In Wahrheit war die arabische Revolution nie das, wofür die europäischen Eliten sie hielten. Tief in ihrem Inneren arbeiteten Kräfte, die wenig zu tun haben mit unserer romantischen Vorstellung vom geknechteten arabischen Volk, das die Fesseln der Tyrannei abschüttelt. In Ägypten ist die Demokratie längst auf dem Rückzug. Vor allem aber entstand durch den Sturz der alten Despoten ein Machtvakuum, in dem sich vom Sinai über Libyen bis in den Maghreb und die Sahara militante islamistische Gruppen festsetzten.

Man kann nicht sagen, dass die Europäer viel zur Stabilisierung der gegenüberliegenden Mittelmeerküste unternommen haben. Seit Monaten drängte Frankreich auf eine Militäraktion in Mali. Wieder einmal zauderte Europa - mit der Folge, dass islamistische Marodeure im Norden des Landes eine Schreckensherrschaft ähnlich jener der afghanischen Taliban etablieren konnten.
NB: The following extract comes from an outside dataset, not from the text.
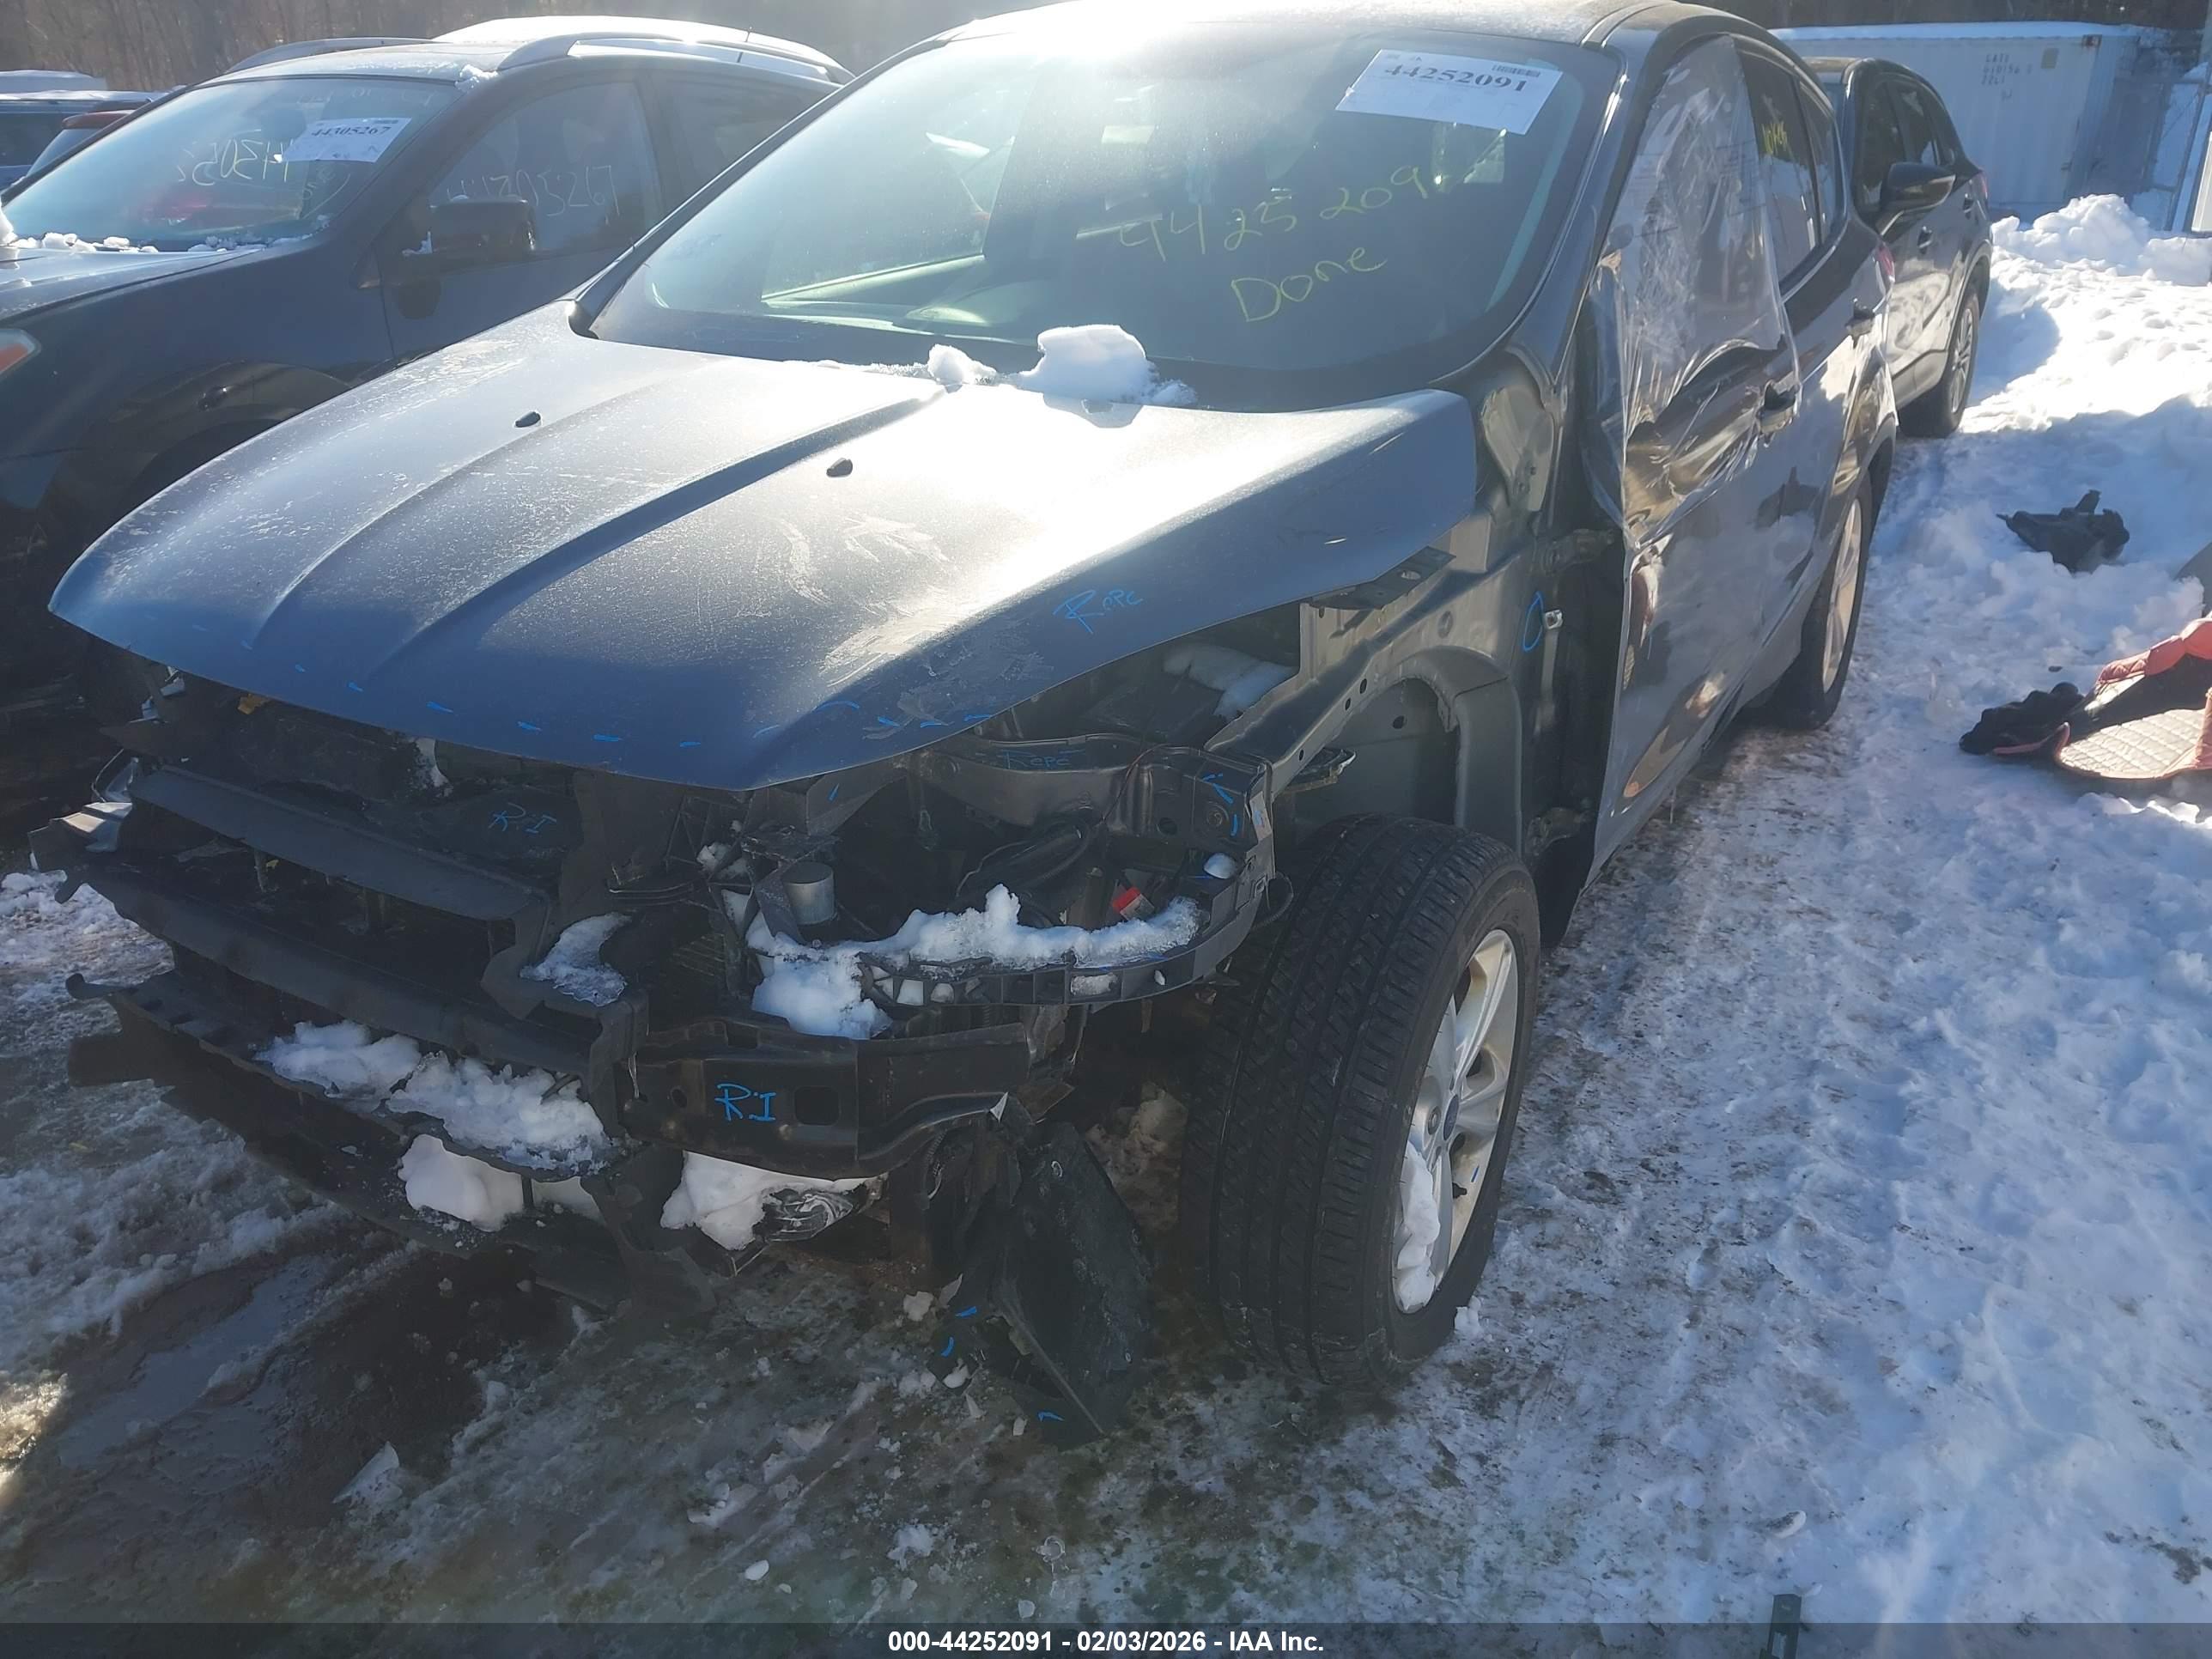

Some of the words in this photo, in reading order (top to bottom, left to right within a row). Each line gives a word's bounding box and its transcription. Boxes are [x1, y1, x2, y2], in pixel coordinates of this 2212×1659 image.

[1384, 64, 1528, 92] 44252091
[311, 126, 392, 137] 44305267
[1231, 246, 1389, 323] Done
Wenn zwölf Jahre Krieg am Hindukusch jedoch eines gezeigt haben, dann, dass der Terror keine Grenzen kennt. Man mag sich nicht ausmalen, was geschieht, wenn der Konflikt auf Malis instabile Nachbarn Mauretanien, Algerien oder Niger übergreift. Ganz Westafrika könnte ins Chaos stürzen. Das Geiseldrama in der Sahara ist ein erstes Indiz dafür, dass sich der Konflikt internationalisiert.

Das dürfen die Europäer nicht zulassen. Schon der eigenen Sicherheit wegen müssen sie gemeinsam eingreifen.
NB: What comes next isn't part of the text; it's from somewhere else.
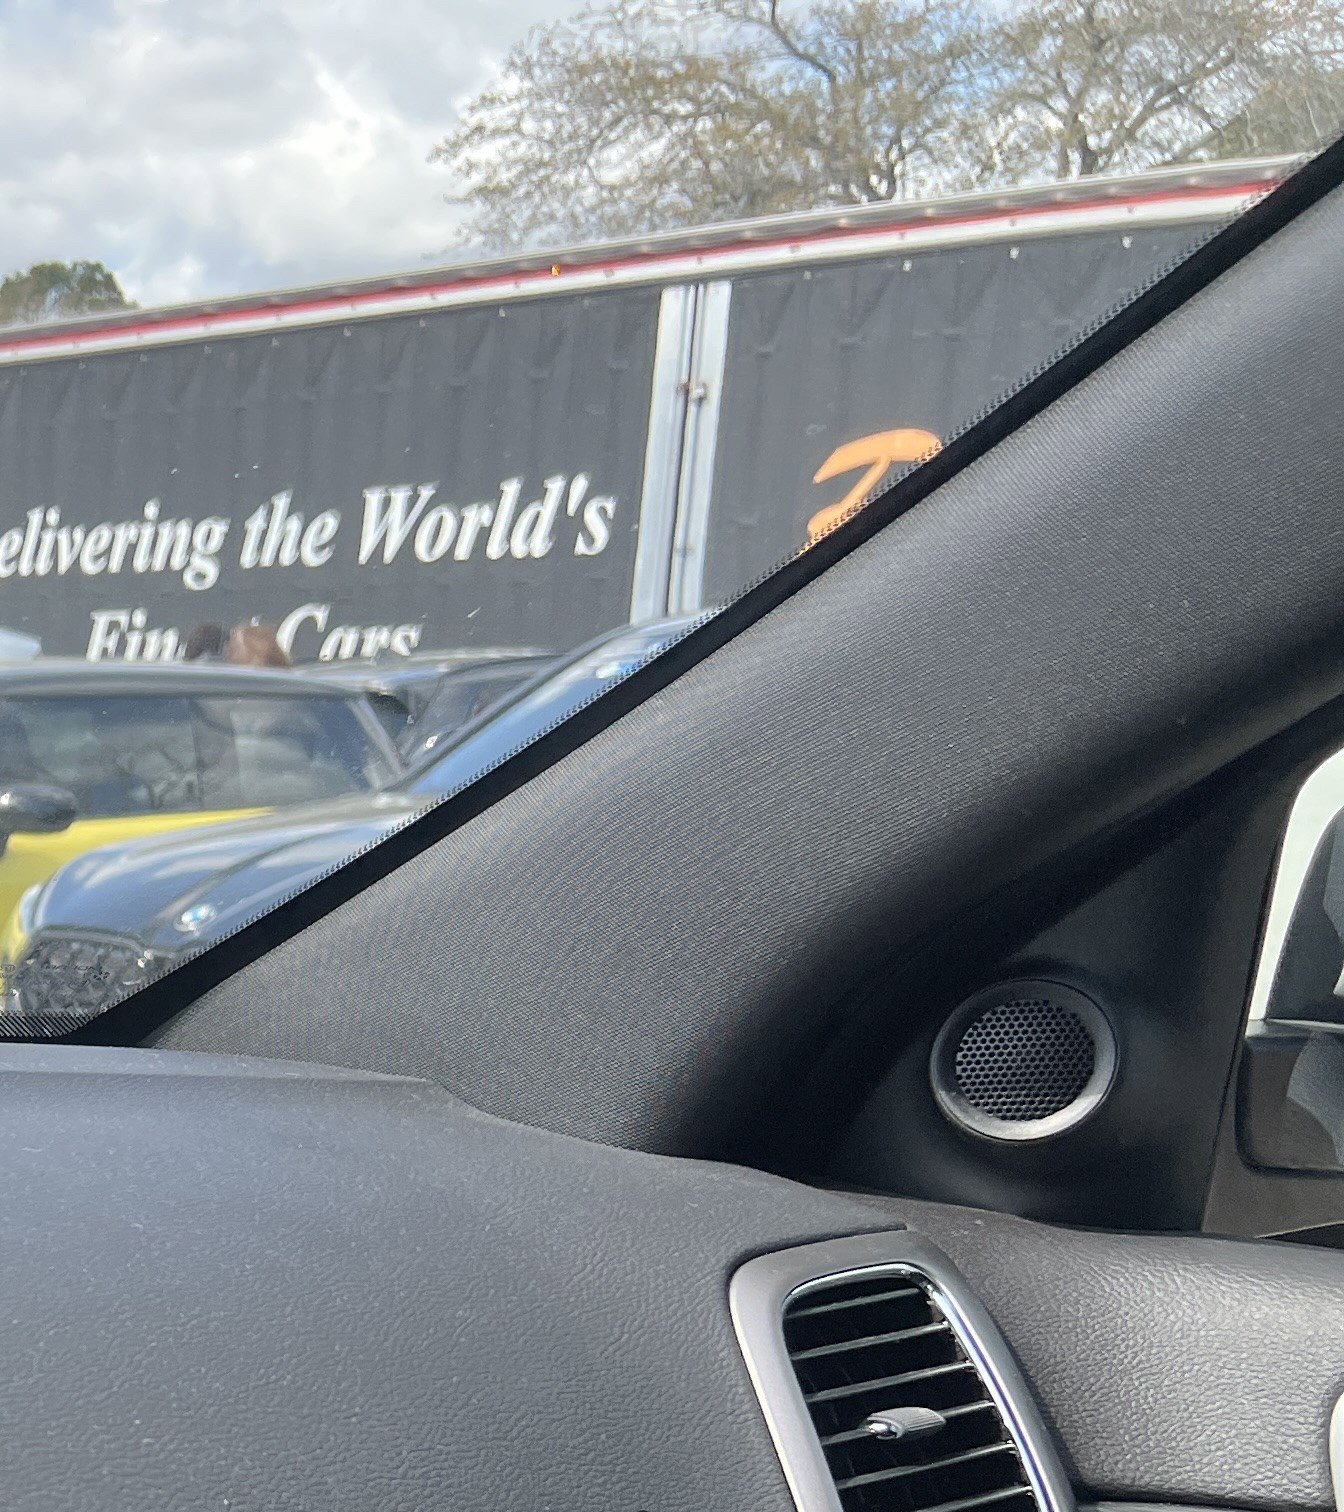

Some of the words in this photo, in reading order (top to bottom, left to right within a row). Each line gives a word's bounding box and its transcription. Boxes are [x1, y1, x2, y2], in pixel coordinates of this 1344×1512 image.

[239, 488, 341, 569] the
[358, 473, 617, 566] World's
[85, 606, 192, 664] Fin
[275, 602, 424, 664] Cars
Dass Österreichs Regierungsparteien sich nicht einmal auf eine Beteiligung an einer EU-Militärausbildungs-Mission für Mali einigen konnten, wirft ein erhellendes Licht auf den Zustand des Landes: Man redet vor der morgigen Volksbefragung zwar groß von den neuen Bedrohungen des 21. Jahrhunderts. Vor dem, was sich vor der eigenen Haustüre abspielt, verschließt man aber aus innenpolitischen Erwägungen die Augen.

Da kann es noch so viele Referenden geben. Sie werden nicht ausreichen, um Österreichs Sicherheitspolitik auf die Höhe der Zeit zu bringen.